- What is needed: Reproduce each record exactly, but exclude every picture.

Segment Start: Records shown

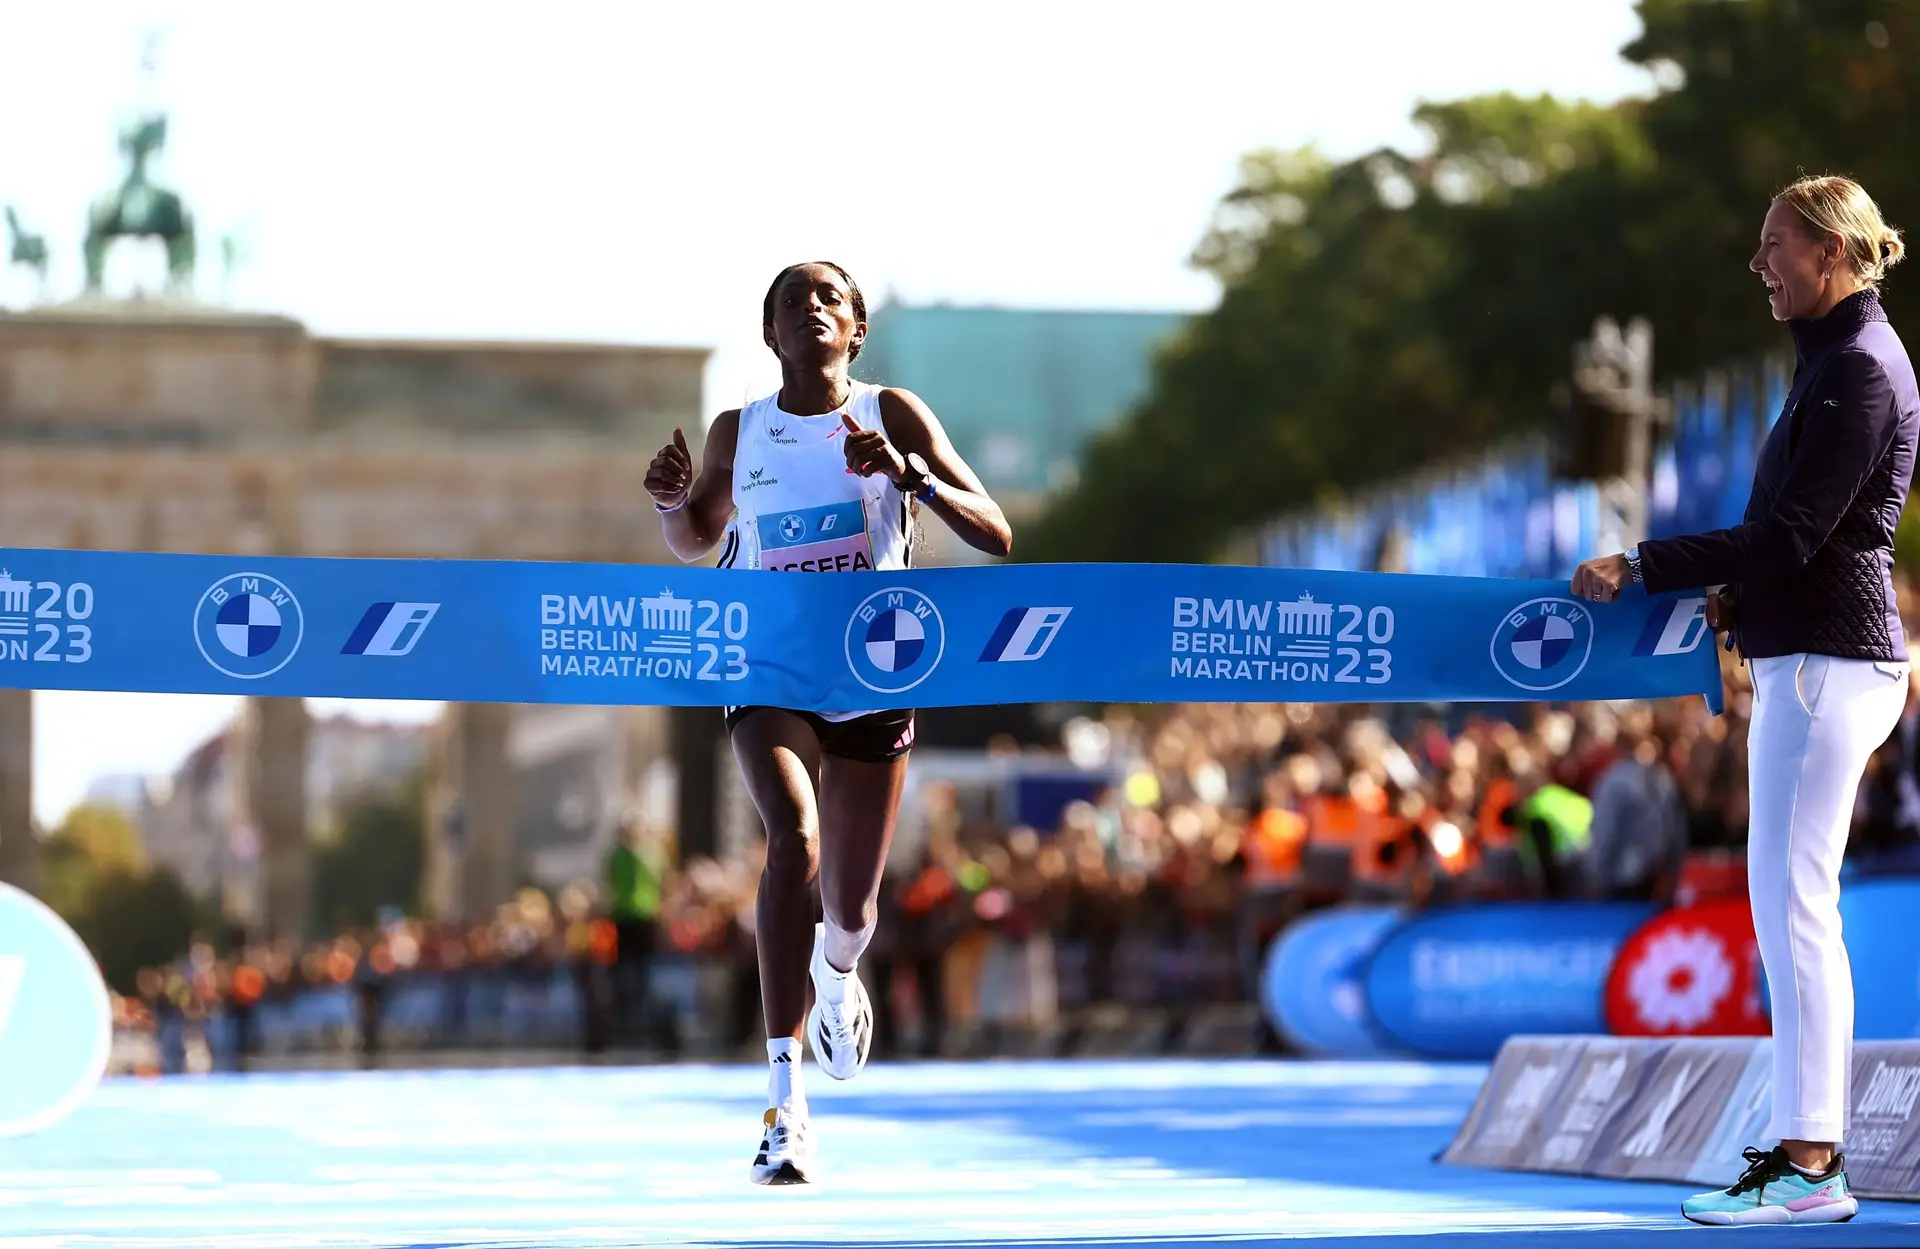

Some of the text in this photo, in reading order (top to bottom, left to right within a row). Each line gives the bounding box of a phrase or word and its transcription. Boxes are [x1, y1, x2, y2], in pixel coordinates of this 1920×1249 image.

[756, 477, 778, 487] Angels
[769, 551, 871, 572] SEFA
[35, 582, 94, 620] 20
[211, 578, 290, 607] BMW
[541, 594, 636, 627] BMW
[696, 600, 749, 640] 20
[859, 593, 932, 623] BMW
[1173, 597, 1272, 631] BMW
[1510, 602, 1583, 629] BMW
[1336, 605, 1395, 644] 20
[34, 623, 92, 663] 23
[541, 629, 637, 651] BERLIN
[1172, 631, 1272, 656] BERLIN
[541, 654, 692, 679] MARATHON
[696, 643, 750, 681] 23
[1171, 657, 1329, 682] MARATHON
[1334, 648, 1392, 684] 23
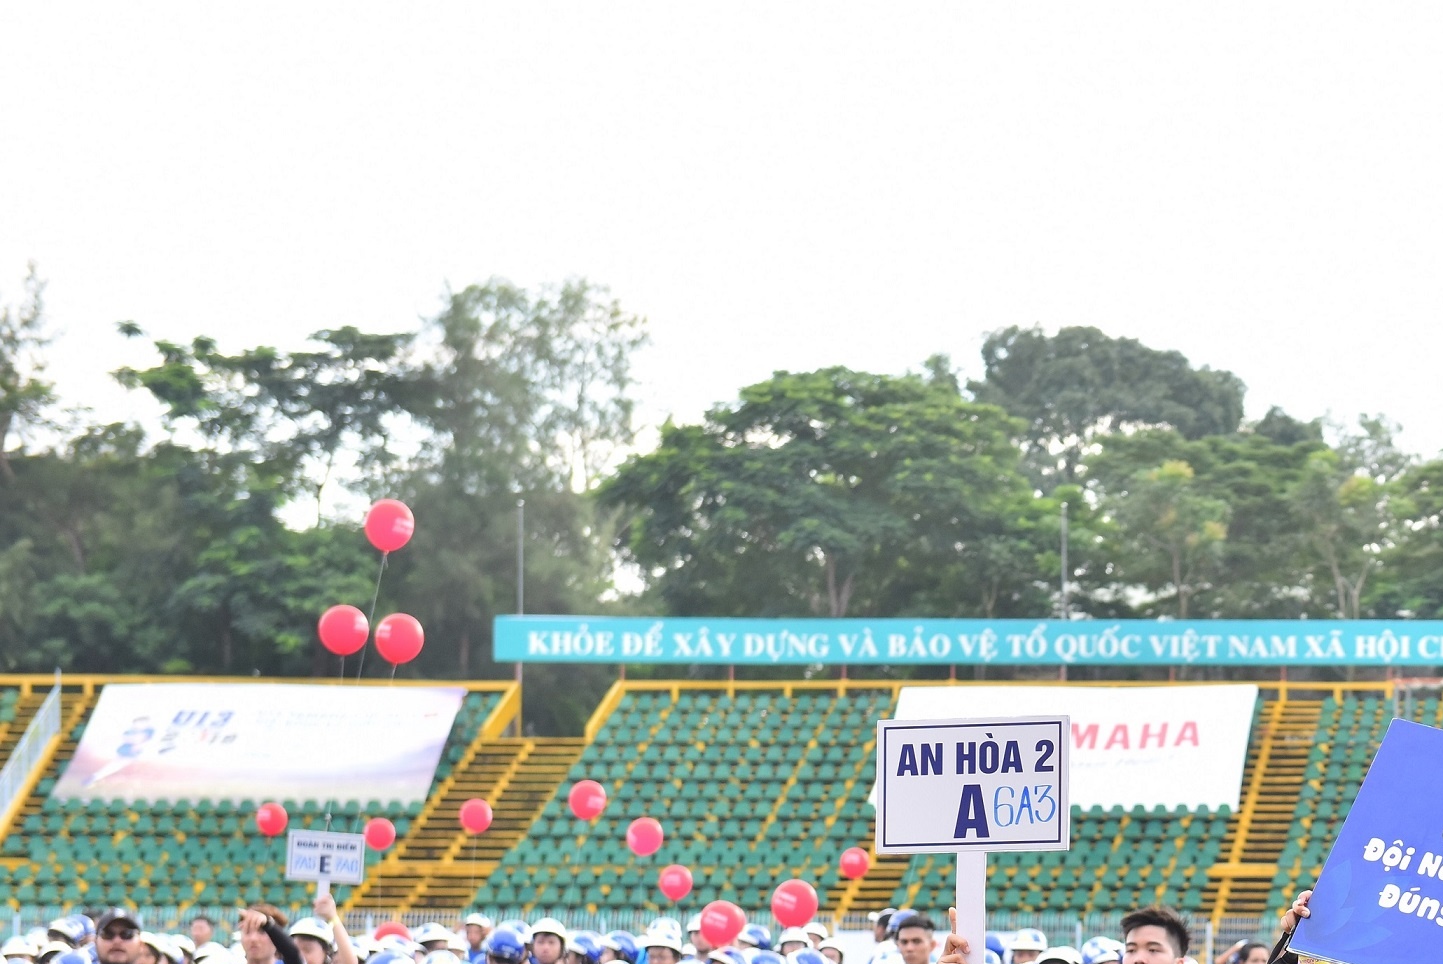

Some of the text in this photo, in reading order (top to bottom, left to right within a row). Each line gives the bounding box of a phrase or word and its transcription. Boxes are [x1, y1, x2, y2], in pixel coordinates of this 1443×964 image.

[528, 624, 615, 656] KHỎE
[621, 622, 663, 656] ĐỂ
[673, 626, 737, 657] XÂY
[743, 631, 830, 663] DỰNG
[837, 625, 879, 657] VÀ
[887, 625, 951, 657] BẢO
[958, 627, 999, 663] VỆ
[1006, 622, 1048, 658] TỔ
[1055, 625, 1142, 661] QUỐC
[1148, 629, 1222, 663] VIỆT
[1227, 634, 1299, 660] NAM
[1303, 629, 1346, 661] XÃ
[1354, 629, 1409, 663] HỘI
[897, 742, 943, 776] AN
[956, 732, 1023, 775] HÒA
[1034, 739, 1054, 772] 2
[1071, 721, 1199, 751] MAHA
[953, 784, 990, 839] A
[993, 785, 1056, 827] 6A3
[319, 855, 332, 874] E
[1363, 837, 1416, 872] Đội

Segment End: Records shown

- Finished task:
Some of the text in this photo, in reading order (top to bottom, left to right within a row). Each line gives the bounding box of a phrase or word and its transcription. Boxes are [x1, y1, x2, y2], in pixel coordinates of this 1920×1249 image.

[756, 477, 778, 487] Angels
[769, 551, 871, 572] SEFA
[35, 582, 94, 620] 20
[211, 578, 290, 607] BMW
[541, 594, 636, 627] BMW
[696, 600, 749, 640] 20
[859, 593, 932, 623] BMW
[1173, 597, 1272, 631] BMW
[1510, 602, 1583, 629] BMW
[1336, 605, 1395, 644] 20
[34, 623, 92, 663] 23
[541, 629, 637, 651] BERLIN
[1172, 631, 1272, 656] BERLIN
[541, 654, 692, 679] MARATHON
[696, 643, 750, 681] 23
[1171, 657, 1329, 682] MARATHON
[1334, 648, 1392, 684] 23

Some of the text in this photo, in reading order (top to bottom, left to right within a row). Each line gives the bounding box of a phrase or word and its transcription. Boxes are [x1, y1, x2, y2], in pixel coordinates of this 1443×964 image.

[528, 624, 615, 656] KHỎE
[621, 622, 663, 656] ĐỂ
[673, 626, 737, 657] XÂY
[743, 631, 830, 663] DỰNG
[837, 625, 879, 657] VÀ
[887, 625, 951, 657] BẢO
[958, 627, 999, 663] VỆ
[1006, 622, 1048, 658] TỔ
[1055, 625, 1142, 661] QUỐC
[1148, 629, 1222, 663] VIỆT
[1227, 634, 1299, 660] NAM
[1303, 629, 1346, 661] XÃ
[1354, 629, 1409, 663] HỘI
[897, 742, 943, 776] AN
[956, 732, 1023, 775] HÒA
[1034, 739, 1054, 772] 2
[1071, 721, 1199, 751] MAHA
[953, 784, 990, 839] A
[993, 785, 1056, 827] 6A3
[319, 855, 332, 874] E
[1363, 837, 1416, 872] Đội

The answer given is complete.